According to Toyota, the concern is air getting trapped in the impeller “causing pump actuation to be slow.” It is possible for air to get stuck at the pump if the system has been opened (coolant drained for collision work, or during maintenance, or in case of a leak, or when the pump is replaced for failure) but it’s no problem to bleed it. You just work the hose running from the top of the pump to the inverter reservoir until the pump is silent (with air the pump whines, which is abnormal). The noisiness of the pump with an air bubble makes it easy to tell when there’s a problem and, conversely, when the system is clear (i.e. no noise, no air).
I’ve never seen air get stuck in the pump out of the blue. Serviced properly, there wouldn’t be any air to get stuck in the first place. In other words, it appears Toyota is replacing all these pumps because service techs can’t seem to bleed the system?

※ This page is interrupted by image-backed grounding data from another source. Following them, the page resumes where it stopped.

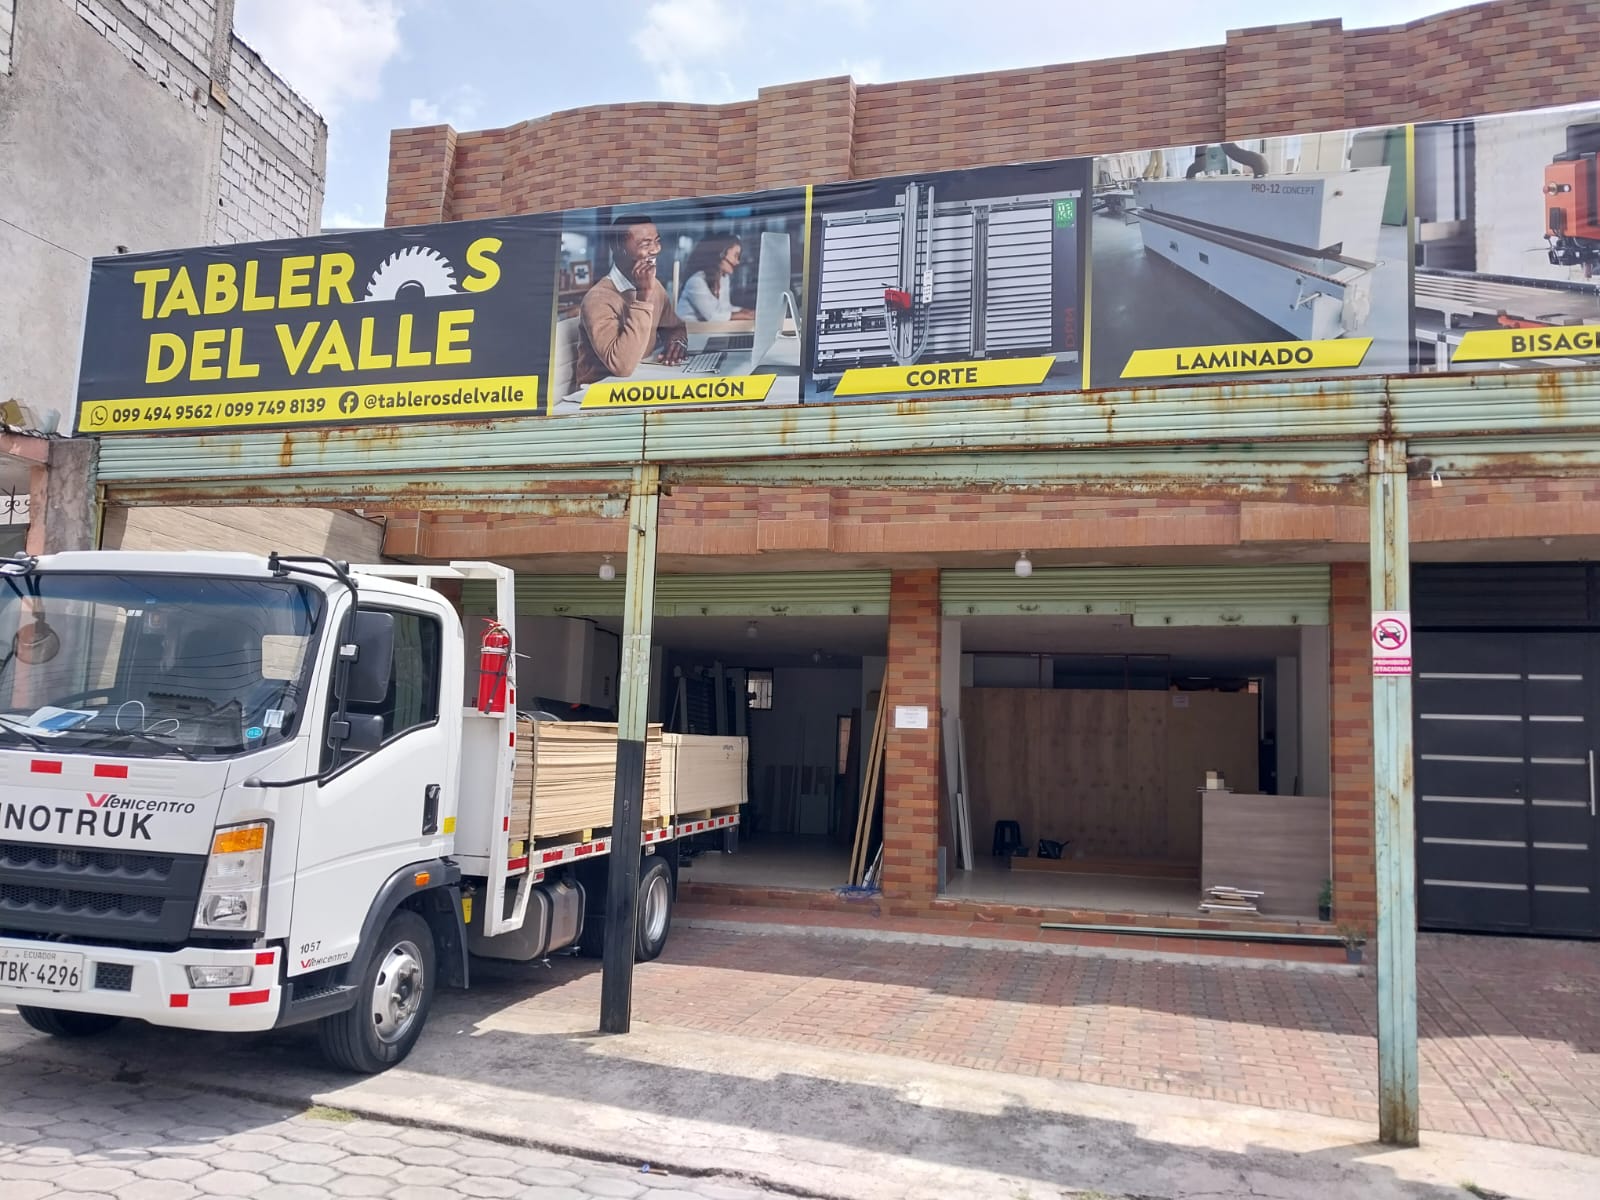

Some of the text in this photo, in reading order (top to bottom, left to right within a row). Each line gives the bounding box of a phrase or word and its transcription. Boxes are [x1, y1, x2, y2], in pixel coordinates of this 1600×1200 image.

[1251, 183, 1280, 194] PRO-12
[145, 309, 475, 384] DEL VALLE
[1176, 347, 1314, 370] LAMINADO
[906, 367, 978, 387] CORTE
[364, 386, 524, 409] @tablerosdelvalle
[609, 378, 744, 403] MODULACIÓN
[112, 408, 141, 423] 099
[144, 407, 171, 421] 494
[176, 404, 213, 420] 9562
[224, 402, 254, 417] 099
[257, 400, 286, 416] 749
[290, 398, 326, 414] 8139
[0, 802, 154, 840] NOTRUK
[23, 951, 57, 960] ECUADOR
[300, 940, 321, 954] 1057
[0, 961, 79, 986] TBK-4296

On the other hand, I have replaced dozens of pumps because they’ve stopped working completely. The pump’s DC brushless motor can fail internally, causing permanent or intermittent failure. The pump can also seize if it’s run dry. Whatever the failure scenario, inverter temps will go up lacking coolant flow, eventually setting trouble code P0A93, Info code 346, illuminating the “check engine” light and the big red triangle (“Master Warning Light”).
A couple times I’ve seen the pump short internally, which can cause some smoke and/or a blown AM2 fuse. The AM2 circuit feeds the Power Source Control ECU; without it the car will shut down and not restart.

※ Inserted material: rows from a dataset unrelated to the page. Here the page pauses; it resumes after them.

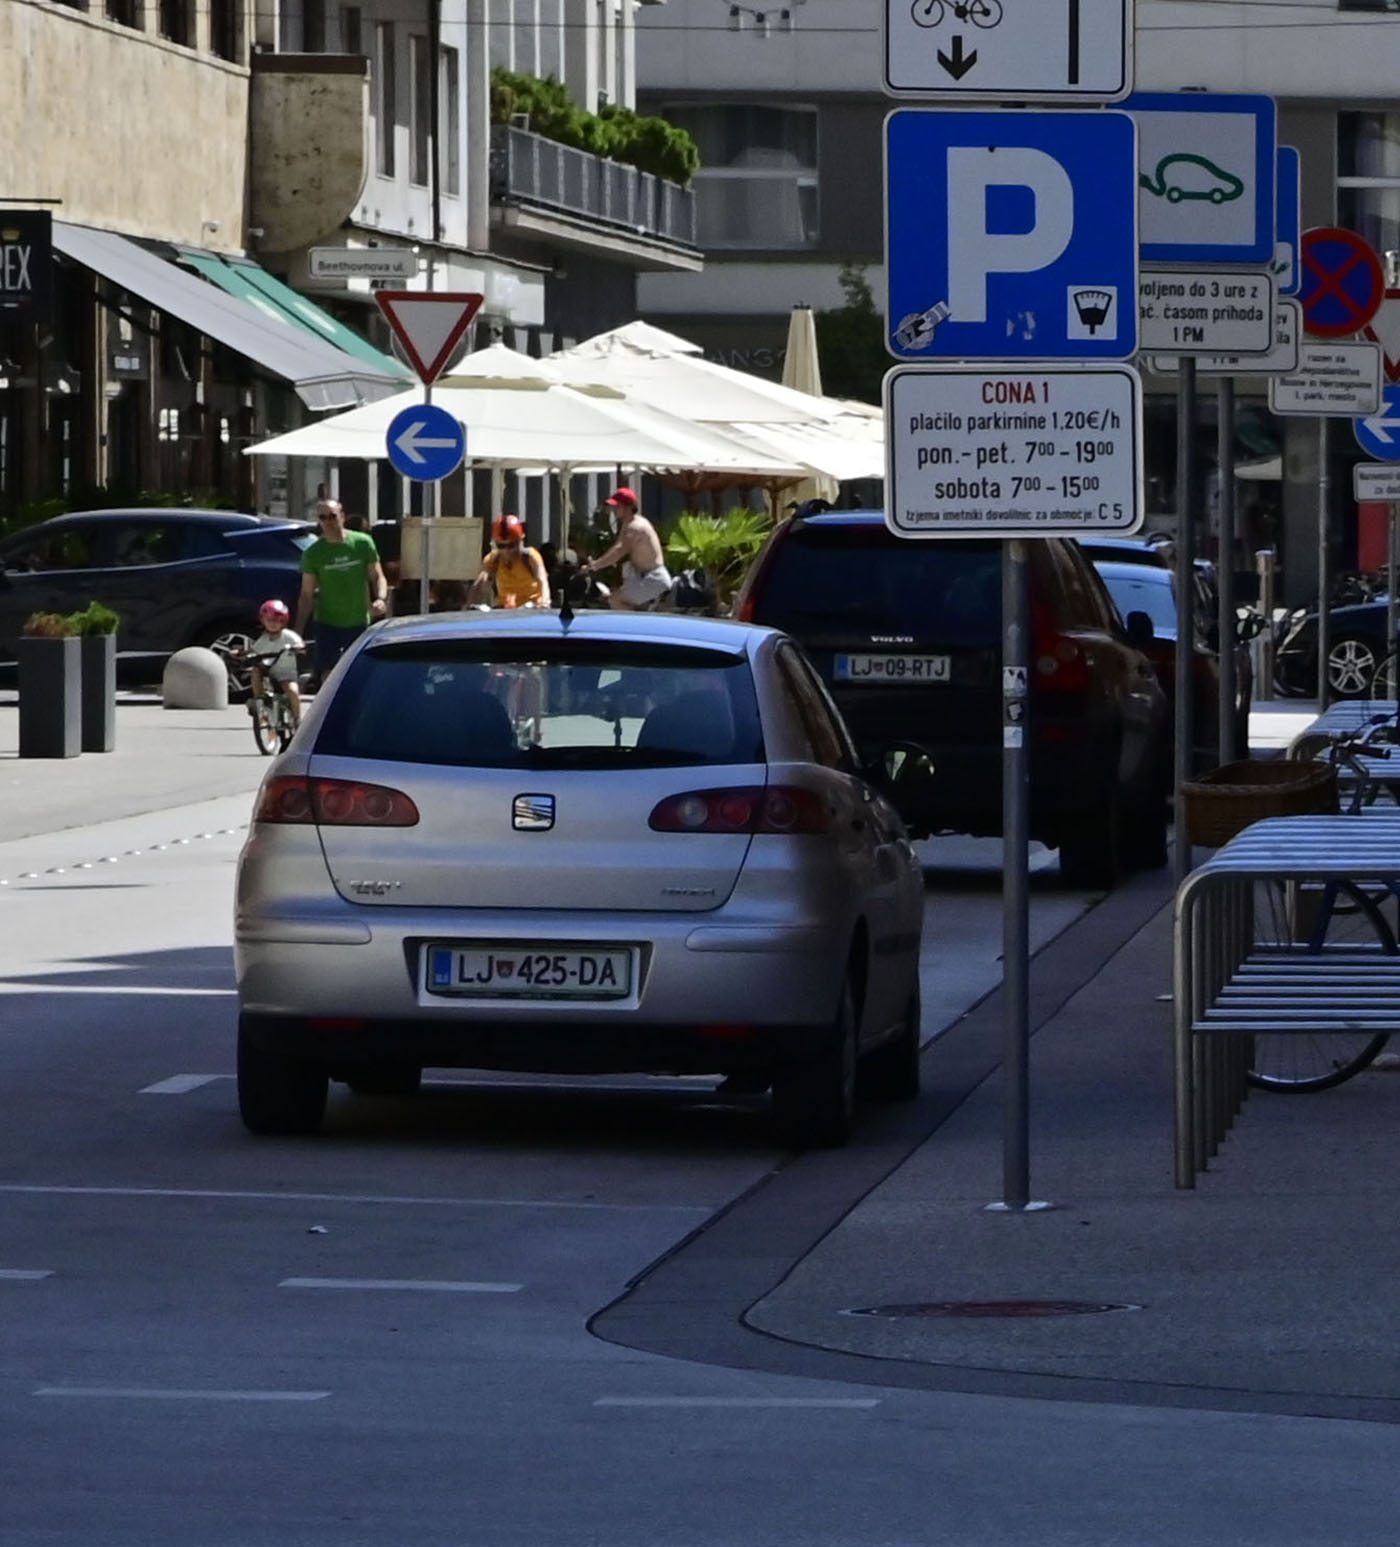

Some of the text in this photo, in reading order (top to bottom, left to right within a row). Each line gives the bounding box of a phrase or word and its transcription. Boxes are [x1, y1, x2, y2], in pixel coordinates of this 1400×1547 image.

[947, 146, 1074, 323] P
[1190, 282, 1206, 296] do
[1211, 282, 1219, 297] 3
[1224, 286, 1246, 297] ure
[1251, 287, 1258, 298] z
[1164, 304, 1208, 320] časom
[1213, 305, 1263, 323] prihoda
[1183, 327, 1204, 342] PM
[982, 381, 1049, 404] CONA 1
[910, 411, 962, 435] plačilo
[967, 411, 1046, 435] parkirnine
[977, 443, 1016, 470] pet.
[935, 478, 1001, 499] sobota
[1099, 503, 1108, 520] C
[1113, 503, 1123, 520] 5
[851, 659, 873, 676] LJ
[458, 954, 617, 986] LJ 425-DA

I find it much more likely that the campaign is meant to address the fact that the pumps are prone to failure, not air bubbles.
Regardless of the stated reason, the effort is a win for Prius owners of the affected model years (2004, 2005, 2006, 2007). Unlike floor mats, the inverter water pump has a high probability of causing trouble and replacement should postpone a future emergency, perhaps forever (if the new pumps are sufficiently improved).
Those who’ve already had their pump replaced are eligible for reimbursement. According to the Owner Letter:
“If you have previously paid for repairs to address this specific condition, please mail a copy of the repair order, proof of payment, and proof of ownership to the following address for reimbursement consideration:
Toyota Motor Sales, U.S.A. Inc
Toyota Customer Experience, WC10
19001 South Western Avenue, Torrance, CA 90509
“Include your name, address, and telephone number(s) in your request. Please allow us 6-9 weeks to process your request.”
To LG customers who have paid us to replace the pump in the past: we will email you another PDF copy of your related work order and credit card receipt (if applicable) to help expedite the process.
LG will continue to stock the pumps (as we always have) for later model Prius (which still have failures). Toyota will not reimburse us for pump replacements on affected vehicles (LG is not a Toyota dealer) so anyone wanting us to perform the repair will have to pay the usual price of $308. Reference the original blog for price breakdown.
A few words of caution: we’ve gotten numerous reports from our customers of dealer service departments upselling various things when an owner goes in for the accelerator pedal recall, effectively turning that problem into a money making opportunity. While anyone should take Toyota up on a free water pump, don’t buy anything else! Luscious Garage can perform those services better and for less money, if they’re needed at all.